DIRECTIONS FOR THIS TASK: Nothing but the pictures should be left out when you copy the records exactly.

Data items
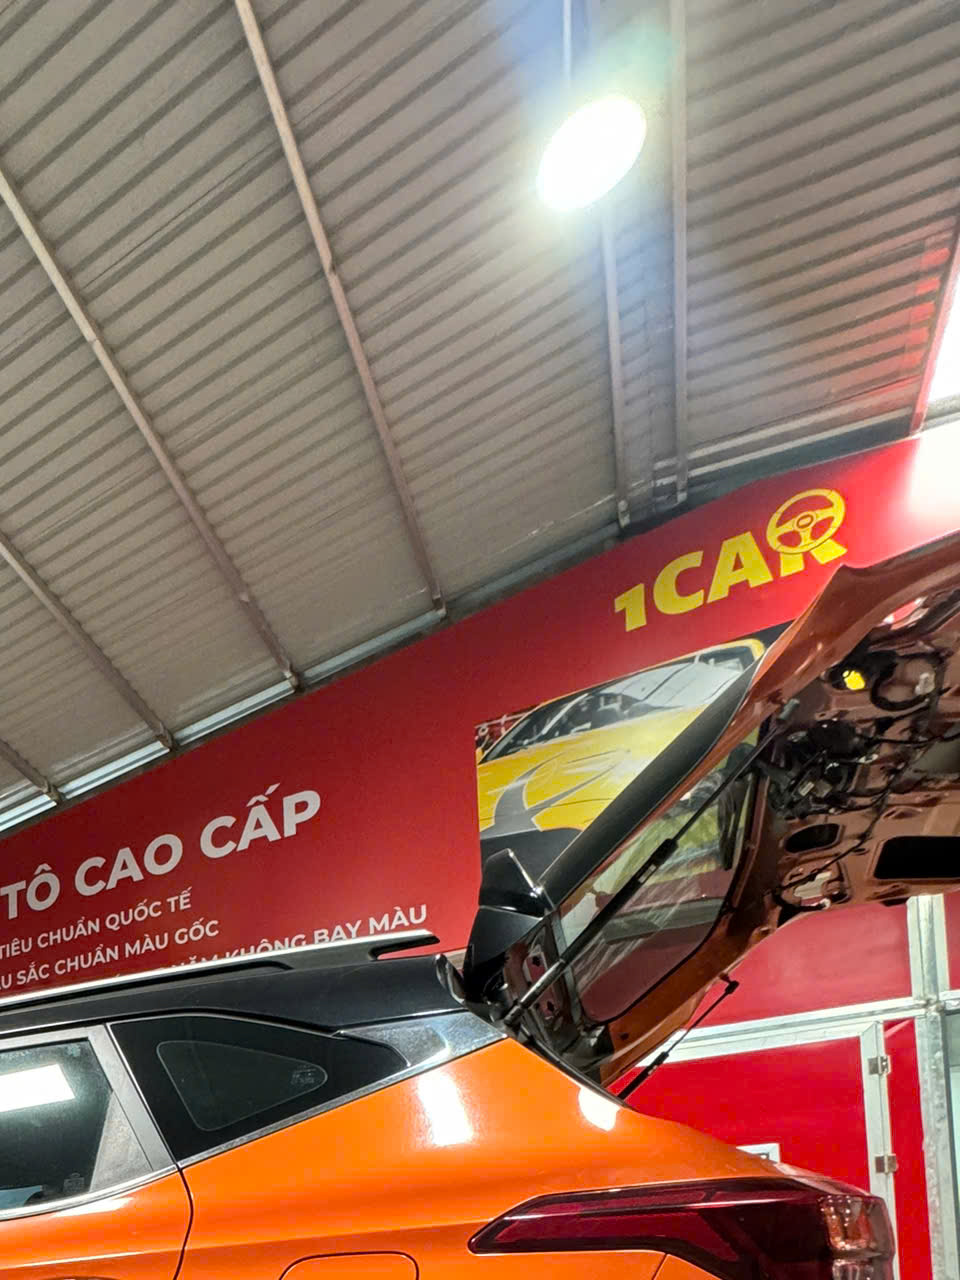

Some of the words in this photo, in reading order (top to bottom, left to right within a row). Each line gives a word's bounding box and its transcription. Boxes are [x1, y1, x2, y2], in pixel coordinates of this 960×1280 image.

[615, 489, 848, 632] 1CAR
[0, 863, 61, 920] TÔ
[74, 833, 184, 899] CAO
[200, 782, 322, 859] CẤP
[16, 960, 50, 985] SẮC
[54, 944, 119, 976] CHUẨN
[124, 933, 169, 958] MÀU
[174, 917, 220, 945] GỐC
[37, 916, 100, 949] CHUẨN
[105, 898, 162, 931] QUỐC
[167, 886, 193, 913] TẾ
[314, 920, 362, 944] BAY
[368, 904, 428, 935] MÀU
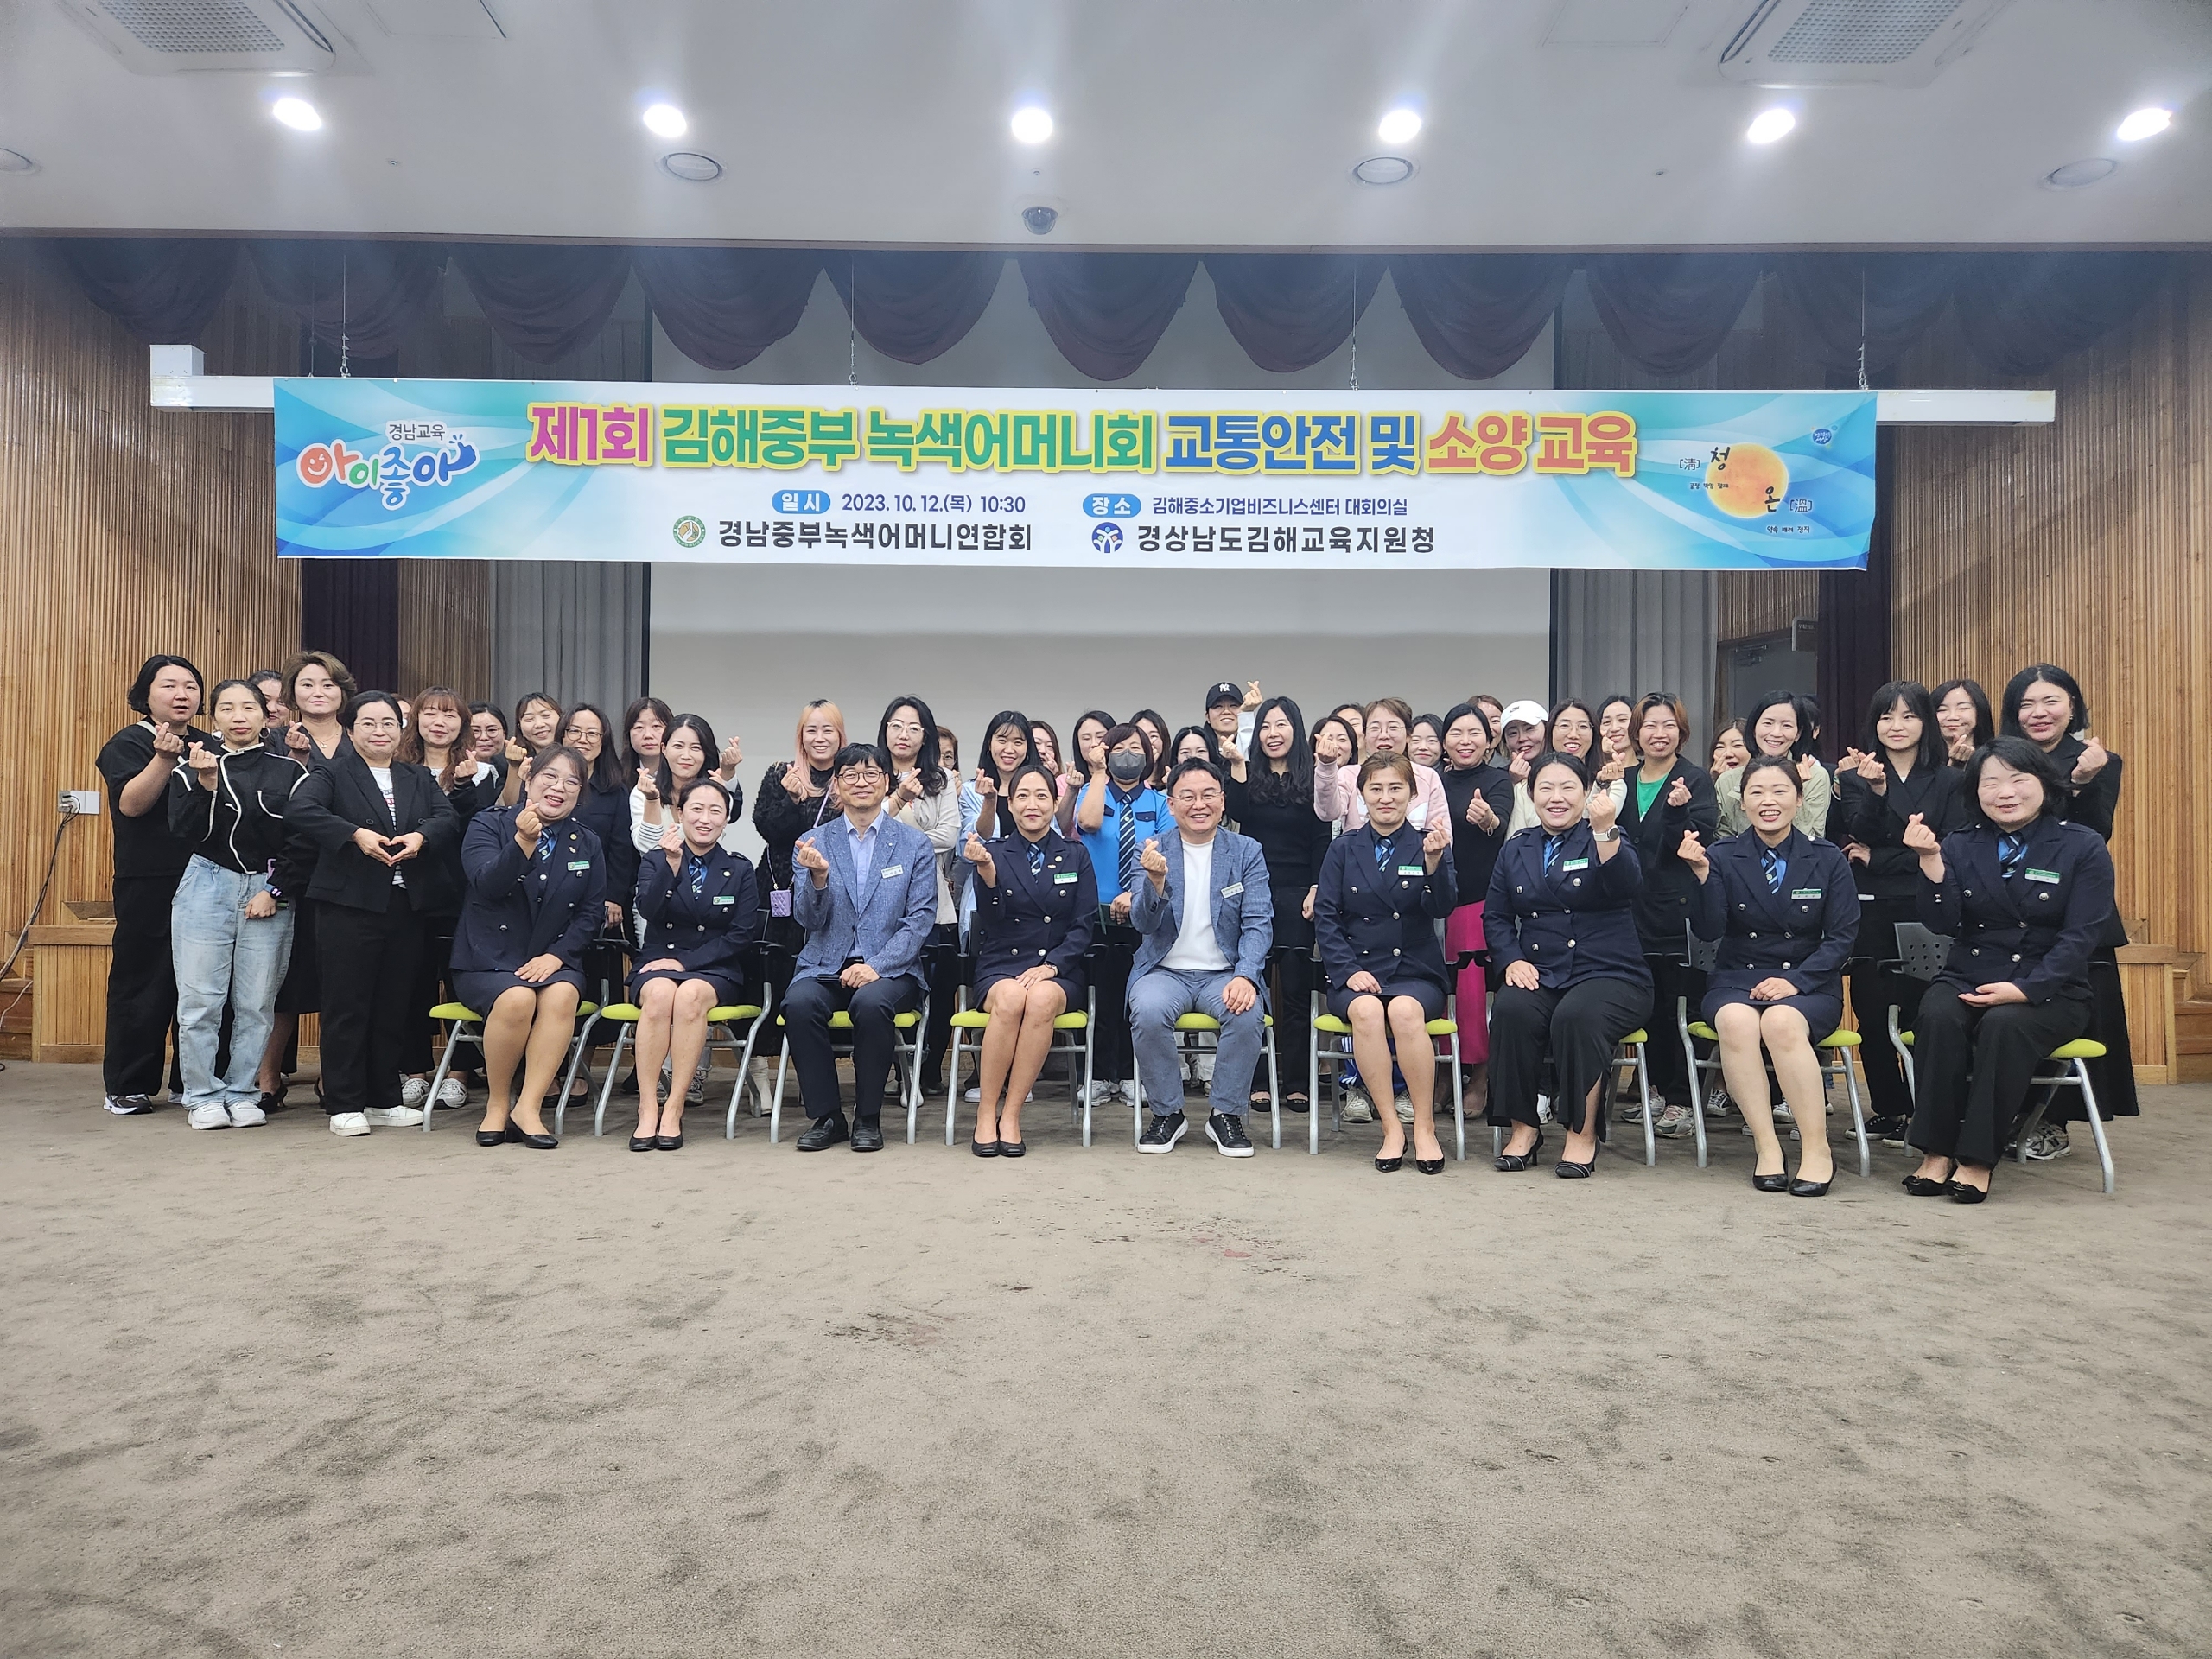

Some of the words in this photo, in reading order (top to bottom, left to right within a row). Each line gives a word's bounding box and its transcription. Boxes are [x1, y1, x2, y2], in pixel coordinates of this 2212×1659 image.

[388, 423, 447, 442] 경남교육
[530, 405, 649, 463] 제1회
[663, 408, 856, 467] 김해중부
[867, 410, 1154, 469] 녹색어머니회
[1166, 413, 1357, 471] 교통안전
[1370, 415, 1417, 472] 및
[1427, 415, 1529, 472] 소양
[1536, 415, 1634, 474] 교육
[1710, 446, 1731, 471] 청
[299, 442, 477, 510] 아이좋아
[980, 495, 1026, 514] 10:30
[1152, 496, 1340, 517] 김해중소기업비즈니스센터
[1344, 497, 1408, 517] 대회의실
[1764, 486, 1781, 513] 온
[718, 519, 1032, 551] 경남중부녹색어머니연합회
[1136, 524, 1434, 554] 경상남도김해교육지원청
[1796, 525, 1810, 534] 정직

FINISHED EXERCISE:
Some of the words in this photo, in reading order (top to bottom, left to right within a row). Each line gives a word's bounding box and its transcription. Boxes are [x1, y1, x2, y2], in pixel coordinates of this 960×1280 image.

[615, 489, 848, 632] 1CAR
[0, 863, 61, 920] TÔ
[74, 833, 184, 899] CAO
[200, 782, 322, 859] CẤP
[16, 960, 50, 985] SẮC
[54, 944, 119, 976] CHUẨN
[124, 933, 169, 958] MÀU
[174, 917, 220, 945] GỐC
[37, 916, 100, 949] CHUẨN
[105, 898, 162, 931] QUỐC
[167, 886, 193, 913] TẾ
[314, 920, 362, 944] BAY
[368, 904, 428, 935] MÀU

Some of the words in this photo, in reading order (top to bottom, left to right within a row). Each line gives a word's bounding box and its transcription. Boxes are [x1, y1, x2, y2], in pixel coordinates of this 2212×1659 image.

[388, 423, 447, 442] 경남교육
[530, 405, 649, 463] 제1회
[663, 408, 856, 467] 김해중부
[867, 410, 1154, 469] 녹색어머니회
[1166, 413, 1357, 471] 교통안전
[1370, 415, 1417, 472] 및
[1427, 415, 1529, 472] 소양
[1536, 415, 1634, 474] 교육
[1710, 446, 1731, 471] 청
[299, 442, 477, 510] 아이좋아
[980, 495, 1026, 514] 10:30
[1152, 496, 1340, 517] 김해중소기업비즈니스센터
[1344, 497, 1408, 517] 대회의실
[1764, 486, 1781, 513] 온
[718, 519, 1032, 551] 경남중부녹색어머니연합회
[1136, 524, 1434, 554] 경상남도김해교육지원청
[1796, 525, 1810, 534] 정직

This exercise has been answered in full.